Как мне жаль Христа! Как мне жаль Христа за его насильственные чудеса! Христос, пришедший горы двигать – словом! "Докажи, тогда поверим!" – "Верим, но подтверди!" Между чудом в Кане (по просьбе Марии) и испытующим перстом Фомы – странная перекличка. Если бы Мария была зорче, она бы, вслед за превращением воды в вино, увидела другое превращение: вина – в кровь...
Убеждена, что Иоанн у Христа не просил чудес.
В Комиссариате: (3 М).
– Ну, как довезли картошку?
– Да ничего, муж встретил.
– Вы знаете, надо в муку прибавлять картошку, 1/3 картошки, 1/3 муки.
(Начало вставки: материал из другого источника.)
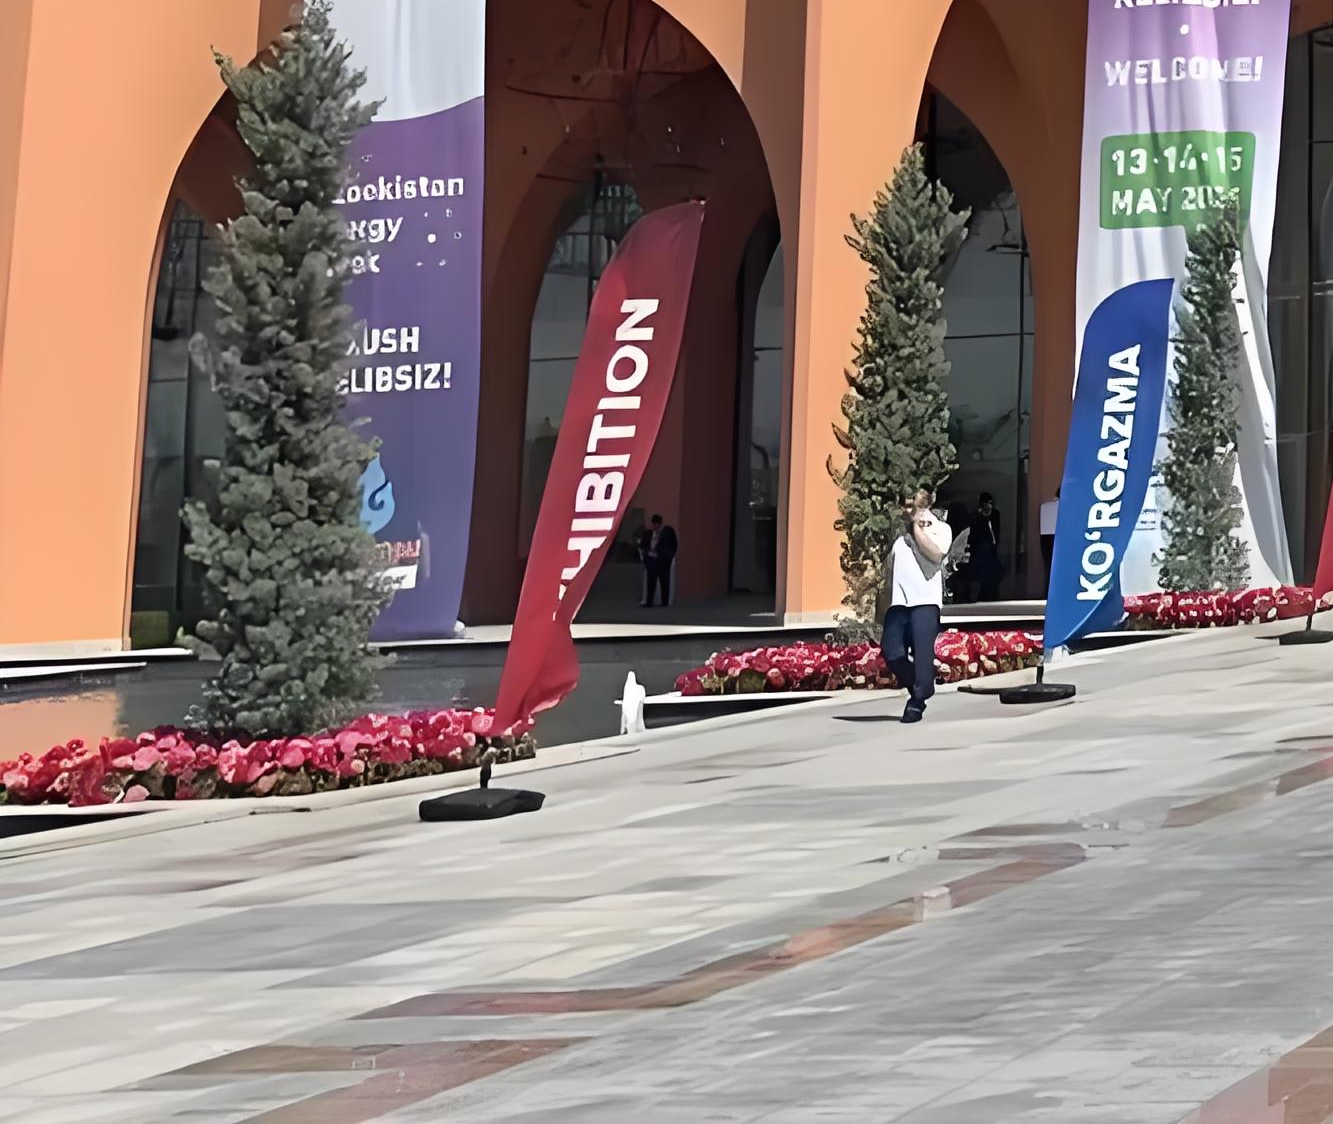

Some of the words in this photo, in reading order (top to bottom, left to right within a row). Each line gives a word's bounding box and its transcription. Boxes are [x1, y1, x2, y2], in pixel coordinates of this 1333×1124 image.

– Правда? Нужно будет сказать матери.
У меня: ни матери, ни мужа, ни муки.
"Пражская столовая" на углу Николо-Песковского и Арбата. Помню, в военные времена, бюст Бонапарта. Февральская Революция сменила его на Керенского. Ах, о Керенском! Есть у меня такой сувенир: бирюзовая картонная книжечка с золотым ободком, распахнешь: слева разбитое зеркальце, справа – Керенский, Керенский, денно и нощно глядящийся в дребезг своих надежд. Эту реликвию я получила от няньки Нади, в обмен на настоящее зеркало, цельное, без Диктатора.
Возвращаясь к столовой: Керенского Октябрь заменил Троцким. Устрашающая харя Троцкого, взирающая на пожирающих детей. И еще Марксом, который, занятый Троцким, на детей не глядит. Пресловутый и спорный суп, кстати, дети выплескивают в миску сенбернара Марса, с 12-ти до 2 часов дежурящего у дверей. Иногда перепадает и в миски нищенок: Марс не ревнив.
Неприлично быть голодным, когда другой сыт. Корректность во мне сильнее голода, – даже голода моих детей.
– Ну как у Вас, все есть?
– Да, пока слава Богу.
Кем нужно быть, чтобы так разочаровать, так смутить, так уничтожить человека отрицательным ответом?
– Просто матерью.
(Сейчас, в 1923 г. ставлю вопрос иначе:
Кем нужно было быть, чтобы тогда, в 1919 г., в Москве, зная меня, видя моих детей – так спрашивать?!
– Просто "знакомым".)
(Вторая пометка:
Не корректность, – чуткость на интонацию! Вопрос диктует ответ. На "ничего нет" в лучшем смысле последовало бы: "Как жаль!"
Дающий не спрашивает.)
Жестокосердые мои друзья! Если бы вы, вместо того, чтобы угощать меня за чайным столом печеньем, просто дали мне на завтра утром кусочек хлеба...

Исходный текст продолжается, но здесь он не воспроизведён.